You can ask any person who has ever been a patient in the hospital, or had a family member in the hospital: You want your nurse to be serious. All good. I loved 1975-2018 working in the hospital. Being part of multi-discipline teams, bringing serious care, nursing skill, clinical expertise and with my mentors support; loving awareness and compassion in action. For my own stress management having fun, being creative (like this website) and being with people has helped me have the full experience of life. So I will gather a few pictures, videos, creative writing and in my big world view share a meditation on fun.
In 2017 at the Ram Dass Open Your Heart Retreat, Stephen Tyler came to meet Ram Dass, while he was there he heard me playing the Ode To Joy melody on the harmonium. Curious he came over and heard us singing the Hindi Hanuman Chalisa. He joined in with Diana and I toning the notes. He knew the melody from his Dad who was a classical musician. I gave him a harmonium lesson while he was there. He won the auction for it and took it home. He has had a tough year, wishing him peace and equanimity with everything.
Getting together with Ram Dass was always the full experience!
In 1981, I did a 5 day Zen Sesshin with Sazaki Roshi, (this was not fun). There was a jikijitsu, a trained student, in the meditation hall who used a stick, if you were nodding off, or seemed to need some energy during the formal sitting practice. I sat very still and alert the whole time he walked around. After the retreat I felt inspired by my experience to write a poem about death. I sent a copy to my friend Stephen Levine, and he sent back this post card response. Fun city! Instructions on where to go on the Path of Death when leaving the body. When I learned Stephen had passed, I heard his voice in my Heart repeating, “Deathless.”
I see you walking by
With your black robes
You touch some with your stick
I see them bow before your blow
You walk quietly throughout the house
I forget sometimes your presence.
The pain of your touch brings fear.
I deny, bargain, feel enraged.
What happens after your blow I do not know.

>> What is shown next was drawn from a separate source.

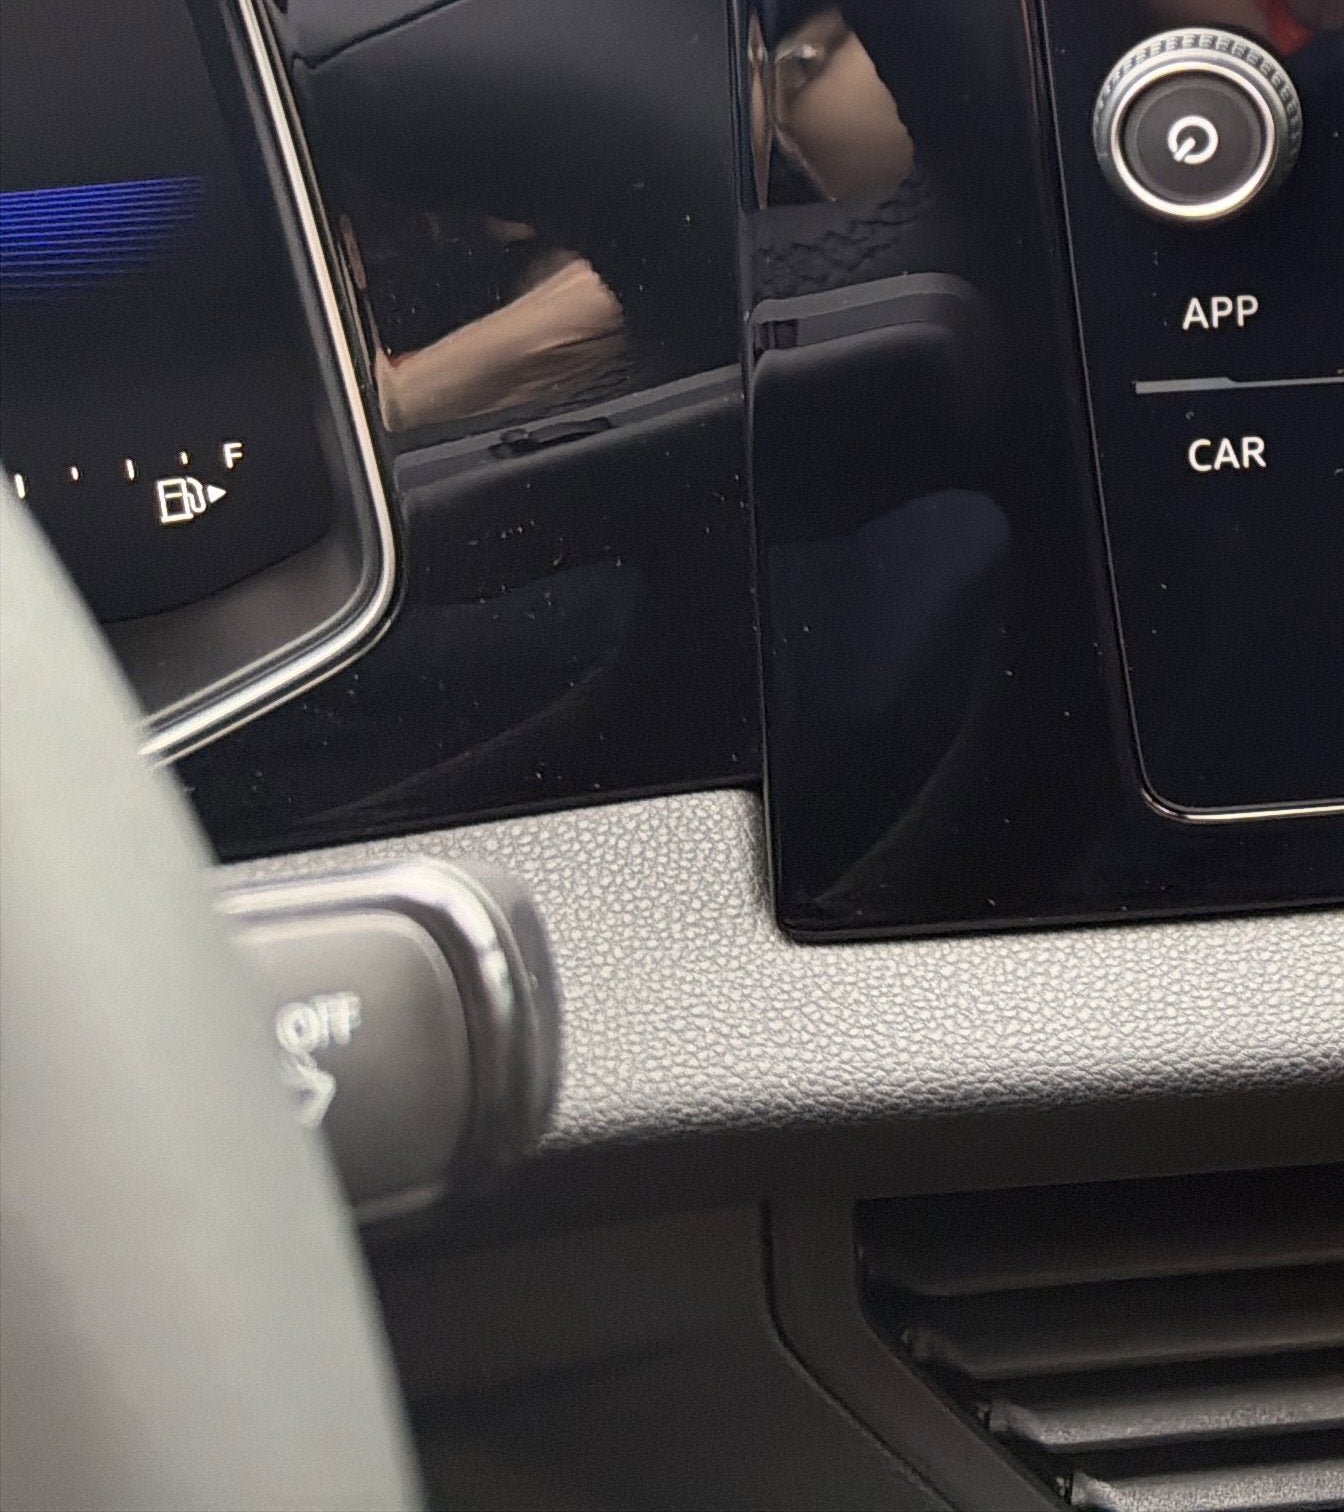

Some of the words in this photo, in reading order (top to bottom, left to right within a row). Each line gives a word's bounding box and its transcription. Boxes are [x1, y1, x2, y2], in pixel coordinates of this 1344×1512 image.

[1182, 295, 1259, 330] APP
[223, 442, 243, 469] F
[1188, 436, 1267, 473] CAR
[275, 992, 361, 1054] OFF

As the days, months, years pass
We grow more familiar
As each one bows after your blow
The separation between us
Grows less and less
Our house is one house
In which we both dwell
Your gentle sweet caress
Is one I shall know directly some day
Because of my birth
Of this I am assured.
For now your nearness
Is much like my breath
And your quiet path
Echoes in my ear.
Almost every bluegrass, old-time musician knows the tune “Whiskey Before Breakfast,” just ask them. You can do this too. The team of the No Name String Band, the kirtan band Jaya and Vasu Jon Seskevich send out fun love with: Dona Nobis Pacem: Grant us Peace. Kyrie Elison Christe Elison: Lord have mercy Christ have mercy. From 2015 Mid-West Bhaktifest Madison, Wisconsin.